Start of Block

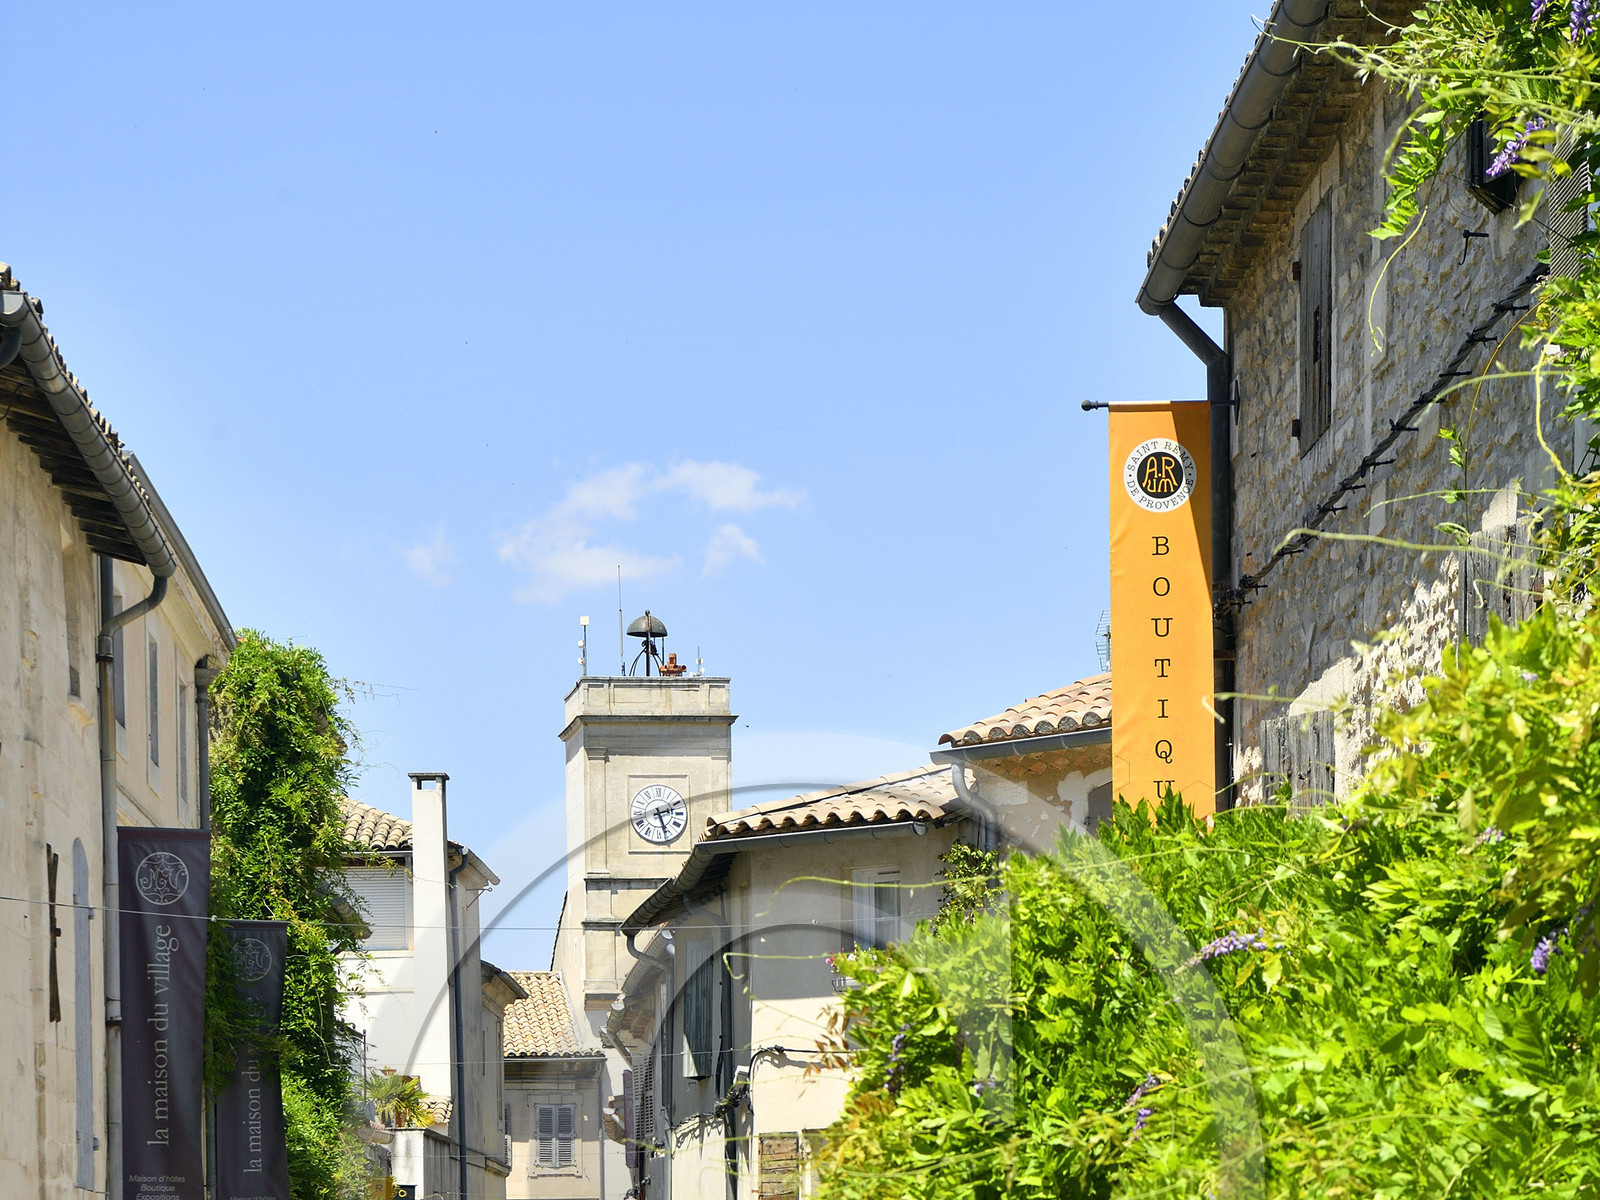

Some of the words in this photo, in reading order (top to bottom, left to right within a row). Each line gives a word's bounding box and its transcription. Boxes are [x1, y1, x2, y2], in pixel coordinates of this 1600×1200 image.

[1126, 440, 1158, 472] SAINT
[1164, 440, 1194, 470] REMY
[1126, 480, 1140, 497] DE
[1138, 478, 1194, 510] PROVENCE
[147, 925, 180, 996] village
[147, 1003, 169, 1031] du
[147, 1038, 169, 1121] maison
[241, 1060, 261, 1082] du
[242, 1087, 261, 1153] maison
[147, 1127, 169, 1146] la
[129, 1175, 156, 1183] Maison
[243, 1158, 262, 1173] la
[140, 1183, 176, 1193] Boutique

End of Block

- _The problem_: Without the pictures, copy out all the records above exactly.

- _Exercise output_:
Some of the words in this photo, in reading order (top to bottom, left to right within a row). Each line gives a word's bounding box and its transcription. Boxes are [x1, y1, x2, y2], in pixel coordinates of this 1600×1200 image.

[1126, 440, 1158, 472] SAINT
[1164, 440, 1194, 470] REMY
[1126, 480, 1140, 497] DE
[1138, 478, 1194, 510] PROVENCE
[147, 925, 180, 996] village
[147, 1003, 169, 1031] du
[147, 1038, 169, 1121] maison
[241, 1060, 261, 1082] du
[242, 1087, 261, 1153] maison
[147, 1127, 169, 1146] la
[129, 1175, 156, 1183] Maison
[243, 1158, 262, 1173] la
[140, 1183, 176, 1193] Boutique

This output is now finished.